Regulatory oversight ensures ADS comply with U.S. securities laws. The SEC enforces disclosure requirements, mandating that foreign issuers provide financial statements and material company information. Sponsored ADS, particularly those registered under Form F-6, must comply with periodic reporting requirements similar to domestic public companies, including filings such as Form 20-F, which aligns with SEC annual reporting standards.
FINRA monitors broker-dealer activities related to ADS trading, ensuring fair practices and transparency. The PCAOB sets auditing standards for foreign firms with U.S.-listed ADS, reinforcing financial reporting reliability. Foreign issuers must also comply with the Foreign Corrupt Practices Act (FCPA), as violations related to bribery or improper financial practices can lead to penalties and delisting risks.
ADS holders receive dividends if the foreign company distributes earnings, but these payments are subject to taxation and currency conversion. When a foreign company declares a dividend, the payment is issued in local currency, converted into U.S. dollars by the depositary bank, and then distributed to ADS holders. Foreign withholding taxes, typically ranging from 10% to 30%, are applied before the net amount reaches investors.
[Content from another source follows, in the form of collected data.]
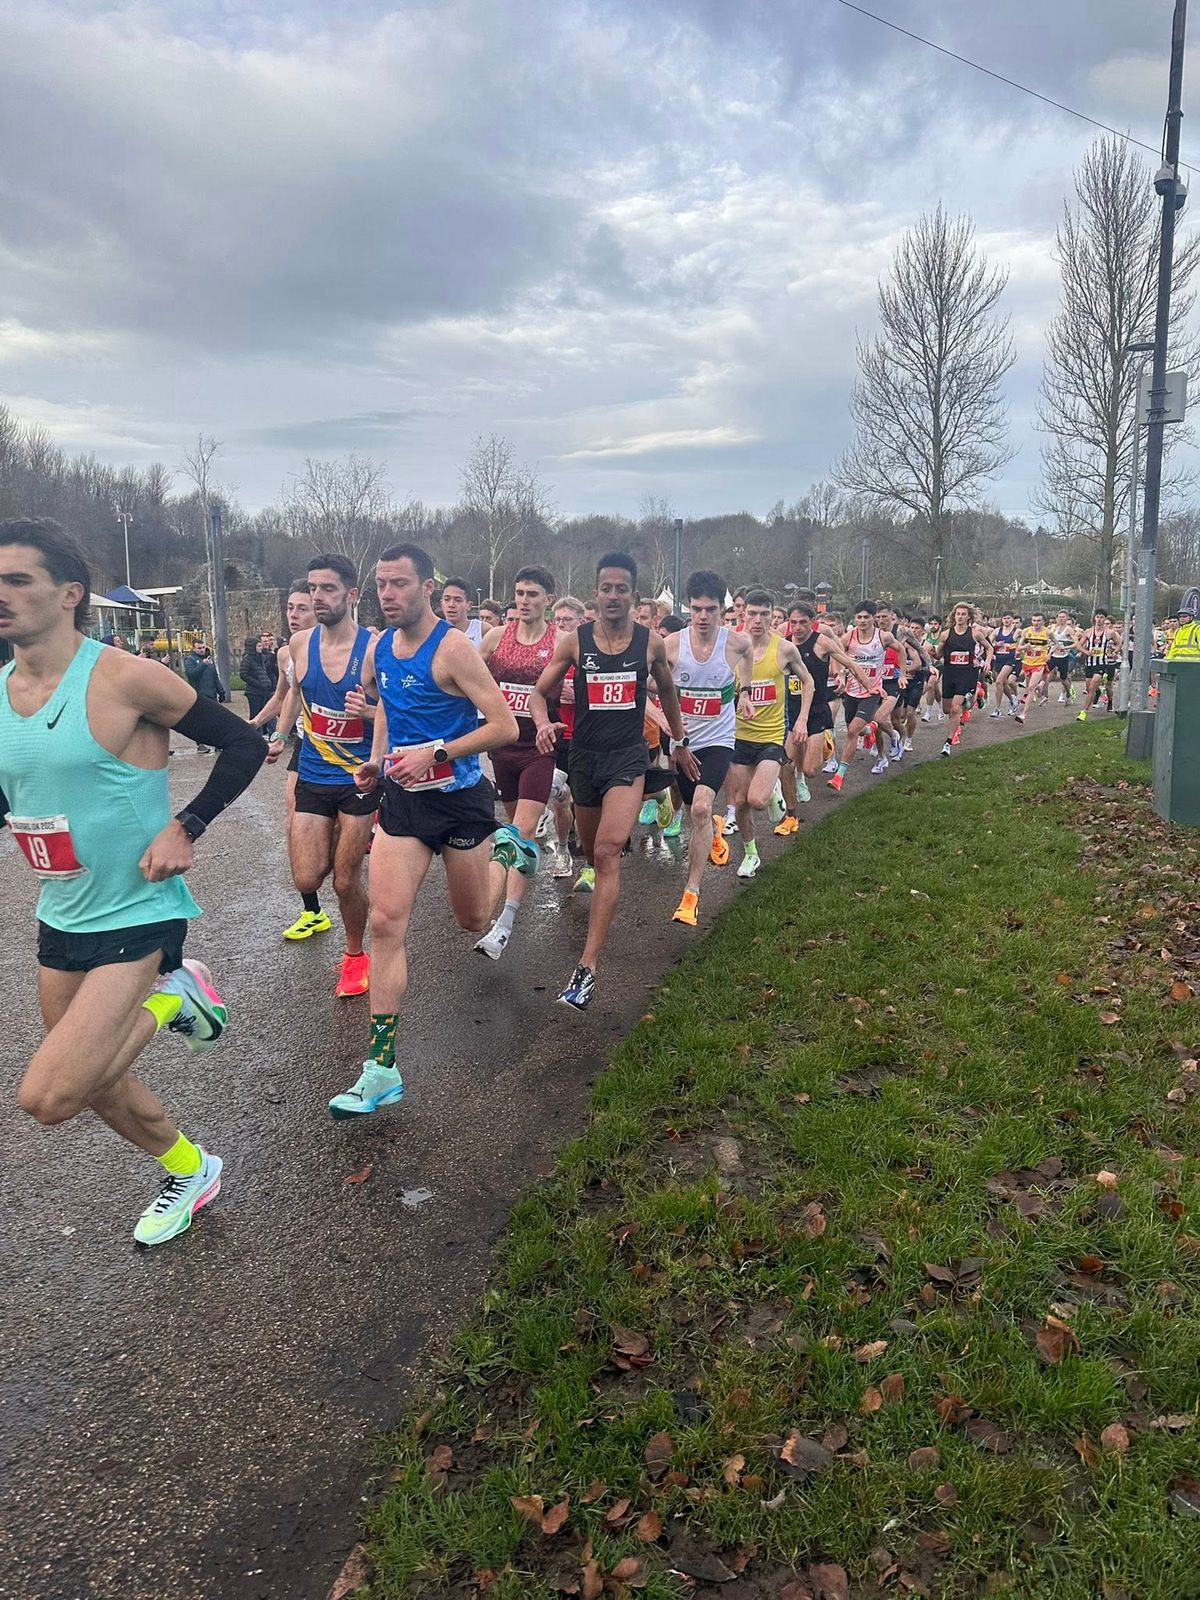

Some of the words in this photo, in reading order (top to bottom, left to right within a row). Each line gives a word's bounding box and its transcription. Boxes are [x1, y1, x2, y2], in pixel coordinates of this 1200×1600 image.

[350, 657, 360, 676] soar
[603, 683, 624, 703] 83
[750, 687, 766, 701] 101
[693, 699, 708, 715] 51
[325, 719, 347, 737] 27
[448, 836, 476, 848] HOKA
[27, 835, 52, 869] 19
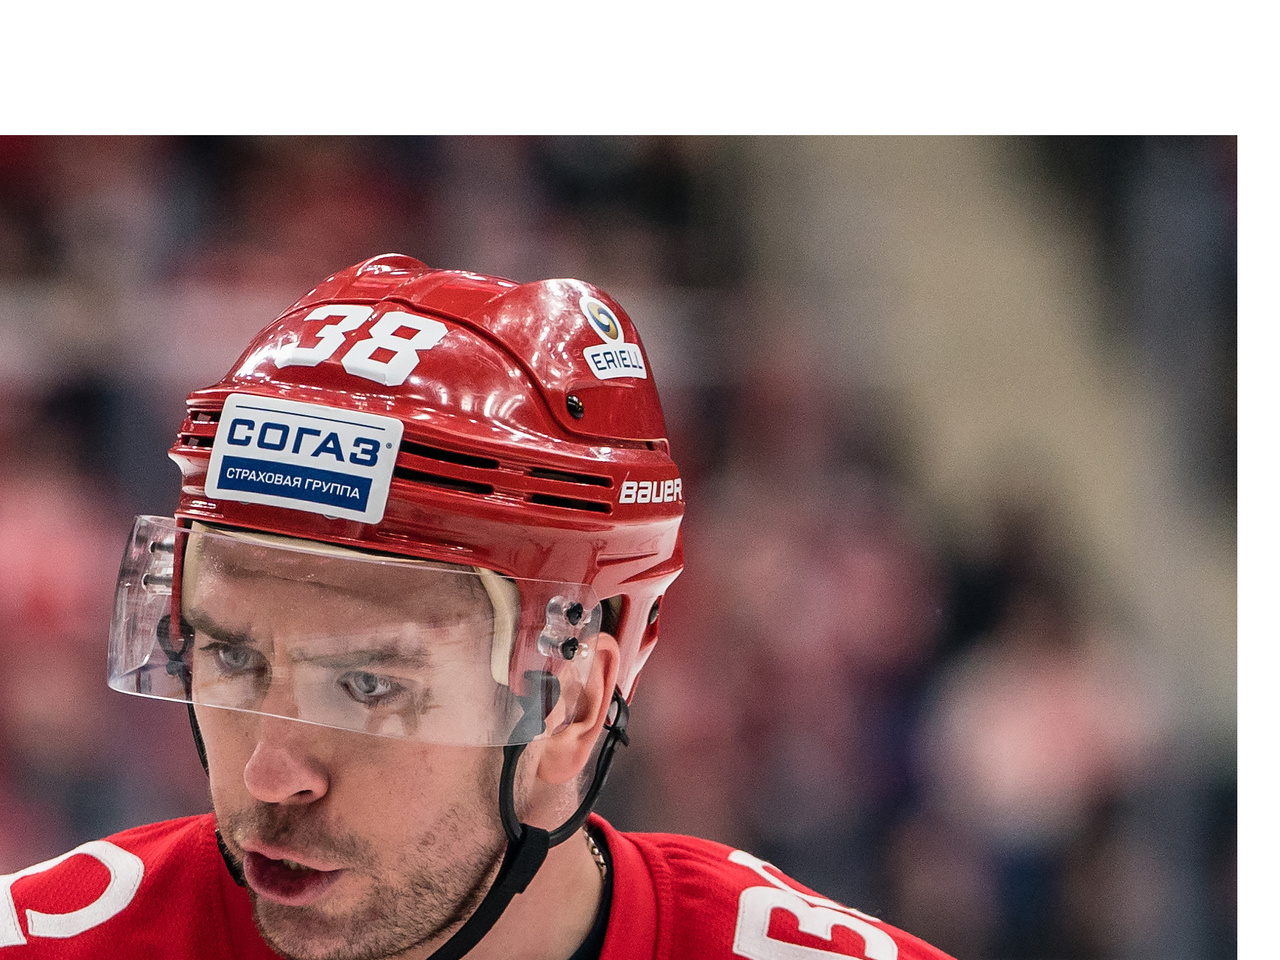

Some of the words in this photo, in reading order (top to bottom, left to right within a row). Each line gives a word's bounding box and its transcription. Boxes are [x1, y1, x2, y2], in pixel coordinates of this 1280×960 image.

[274, 304, 449, 387] 38
[591, 350, 643, 371] ERIELL
[226, 467, 304, 488] СТРАХОВАЯ
[304, 478, 361, 500] ГРУППА
U.S. tax law allows ADS holders to claim a Foreign Tax Credit (FTC) to offset these withholdings, but limitations exist, particularly for those subject to the alternative minimum tax (AMT) or exceeding allowable credit caps under IRS Section 901.
ADS dividends may qualify as “qualified dividends” under IRS regulations if the foreign company resides in a country with a U.S. tax treaty and the investor meets holding period requirements. If eligible, dividends are taxed at long-term capital gains rates—15% or 20% for most taxpayers instead of ordinary income tax rates, which can reach 37%. However, dividends from companies in jurisdictions without U.S. tax treaties or those classified as passive foreign investment companies (PFICs) under IRS Section 1297 are taxed at higher ordinary rates.
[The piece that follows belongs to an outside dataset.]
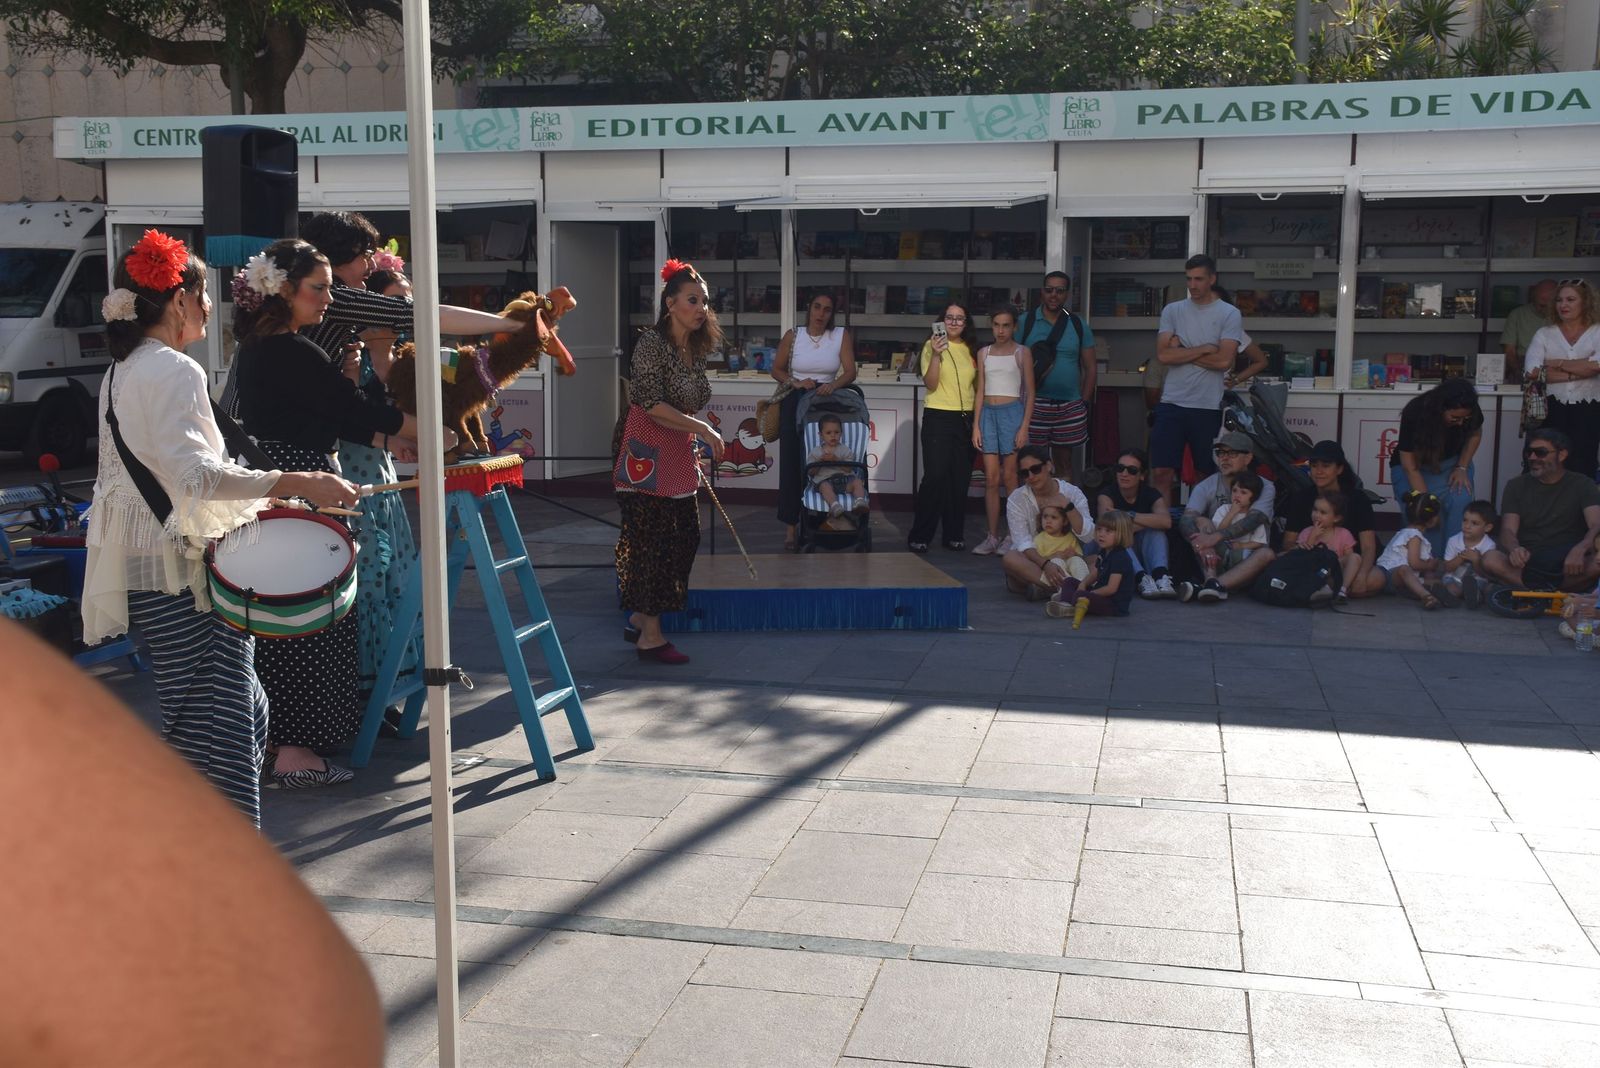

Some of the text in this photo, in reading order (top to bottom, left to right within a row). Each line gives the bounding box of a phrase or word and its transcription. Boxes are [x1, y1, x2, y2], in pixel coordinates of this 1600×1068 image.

Voting rights for ADS holders vary. While many sponsored ADS programs allow investors to vote on corporate matters, the process is not automatic. The depositary bank receives voting instructions from the foreign company and may pass them to ADS holders, but it is not required to do so. Voting deadlines for ADS holders are often earlier than those for domestic shareholders due to processing times. Some companies, particularly those with unsponsored ADS programs, do not extend voting rights at all.
Investing in ADS comes with fees that can impact returns. The depositary bank, brokerages, and tax authorities impose various charges.
A common fee is the annual depositary service fee, typically ranging from $0.01 to $0.05 per ADS. This charge covers administrative expenses such as record-keeping, dividend processing, and regulatory compliance. It is usually deducted from dividend payments, but if the company does not issue dividends, the fee may be collected directly from the investor’s brokerage account. Some brokerages absorb this cost, while others pass it on to clients.
Additional fees apply when converting ADS into underlying foreign shares or vice versa. These conversion fees, often around $5 to $10 per transaction, are charged by the depositary bank and can add up for investors frequently moving between ADS and local shares. Foreign exchange fees may also be incurred when dividends or proceeds from share sales are converted from the foreign company’s currency into U.S. dollars. These costs vary depending on exchange rate spreads and the financial institution handling the transaction.